Exercise directions >> Everything in the data should be repeated exactly, save for the images.

Given data >>
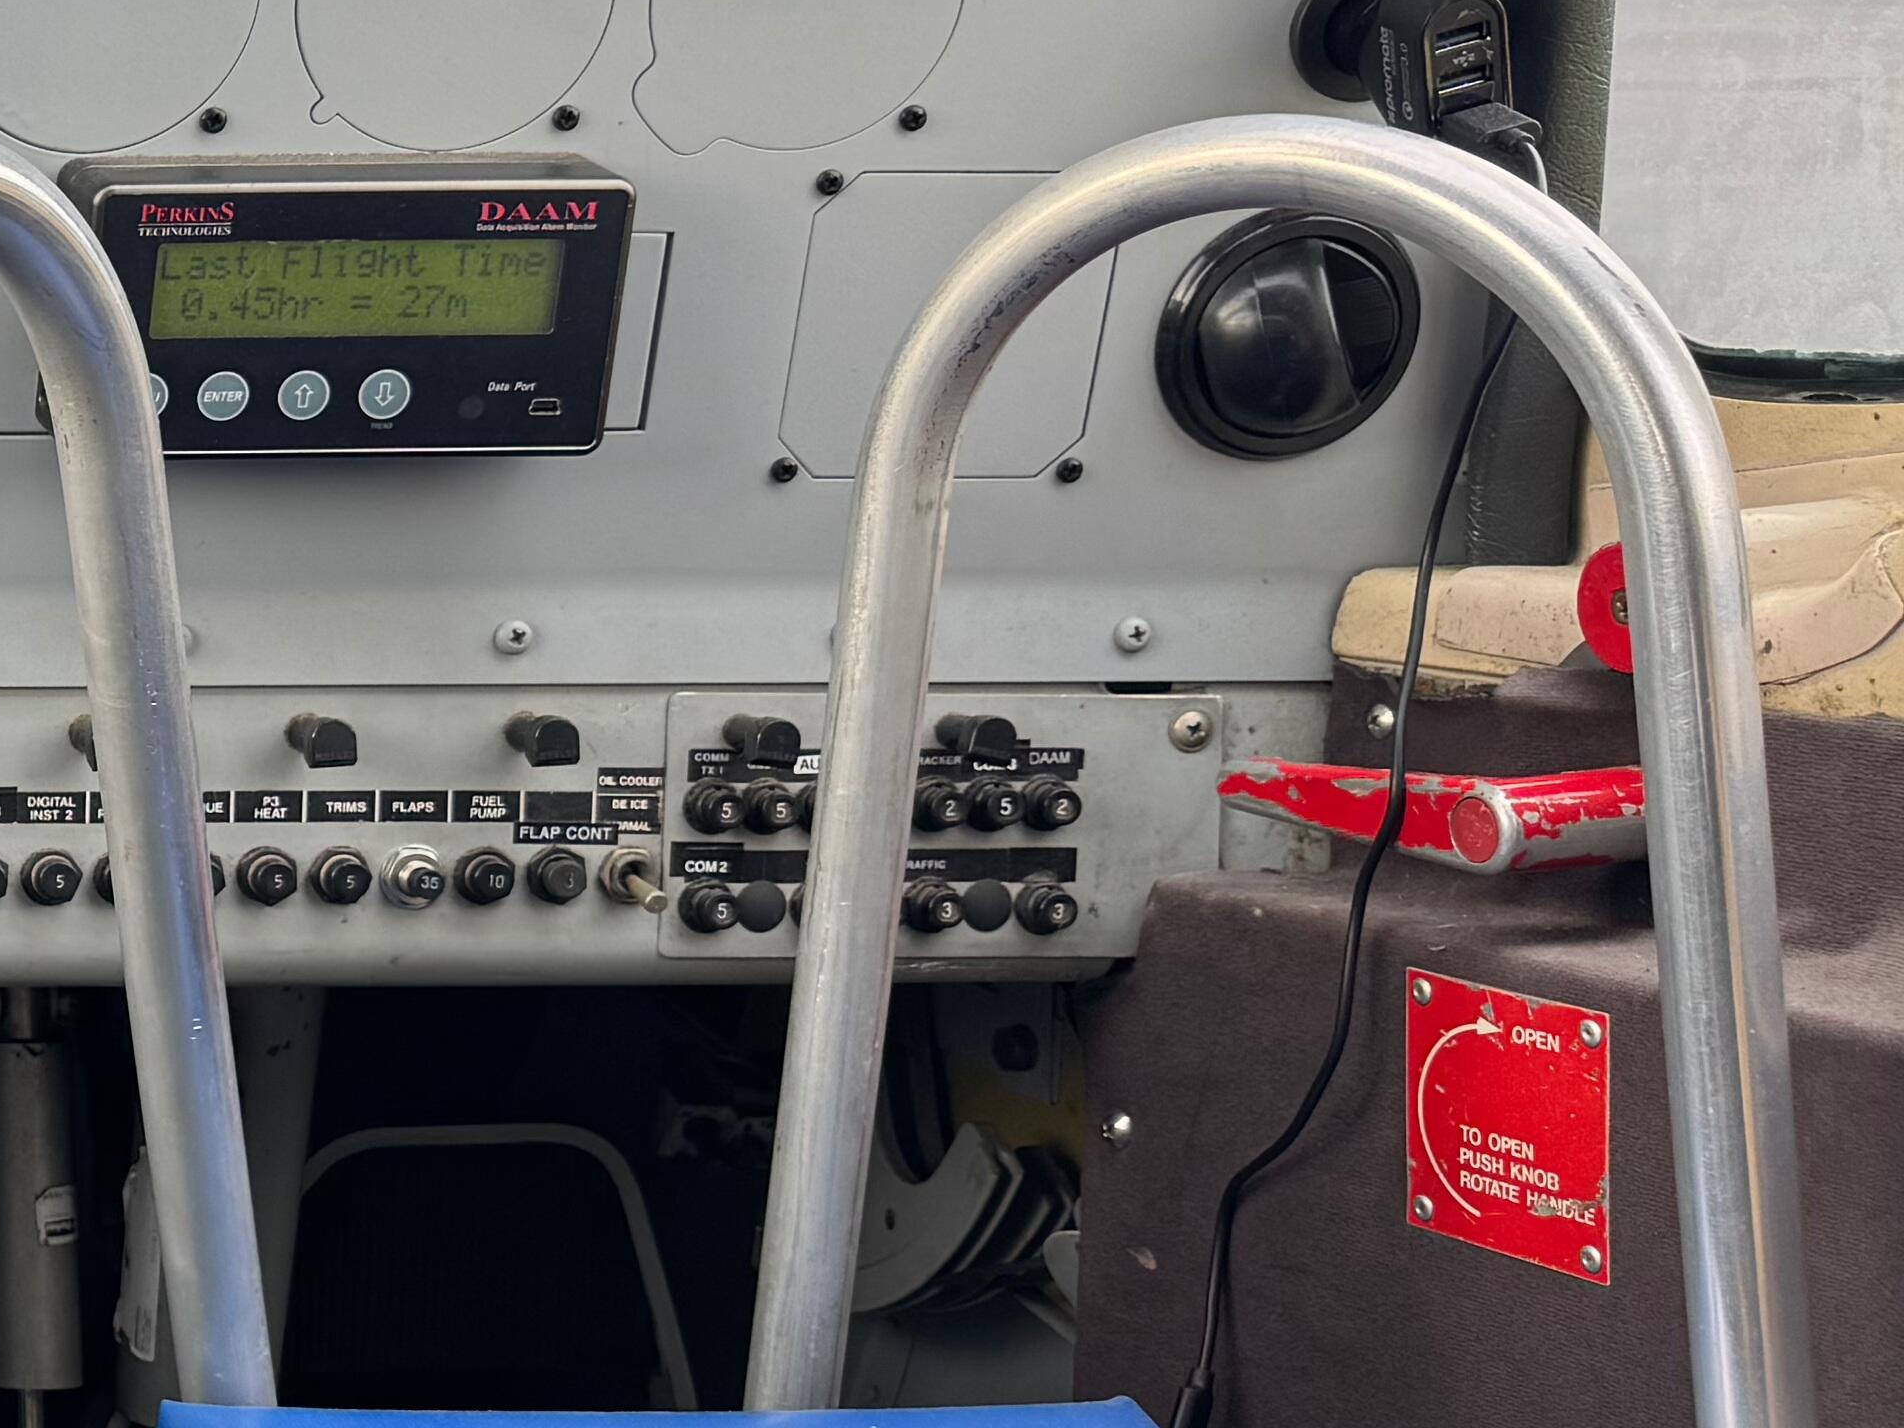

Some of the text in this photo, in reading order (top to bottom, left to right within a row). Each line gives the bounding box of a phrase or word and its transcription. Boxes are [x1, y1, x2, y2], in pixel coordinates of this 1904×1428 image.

[479, 201, 599, 221] DAAM
[139, 226, 232, 237] TECHNOLOGIES
[161, 244, 546, 281] Last Flight Time
[204, 391, 242, 404] ENTER
[1512, 1025, 1559, 1052] OPEN
[1460, 1125, 1534, 1161] TO OPEN
[1460, 1147, 1559, 1191] PUSH KNOB
[1460, 1171, 1519, 1203] ROTATE

Written solution >>
Some of the text in this photo, in reading order (top to bottom, left to right within a row). Each line gives the bounding box of a phrase or word and its transcription. Boxes are [x1, y1, x2, y2], in pixel coordinates of this 1904×1428 image.

[479, 201, 599, 221] DAAM
[139, 226, 232, 237] TECHNOLOGIES
[161, 244, 546, 281] Last Flight Time
[204, 391, 242, 404] ENTER
[1512, 1025, 1559, 1052] OPEN
[1460, 1125, 1534, 1161] TO OPEN
[1460, 1147, 1559, 1191] PUSH KNOB
[1460, 1171, 1519, 1203] ROTATE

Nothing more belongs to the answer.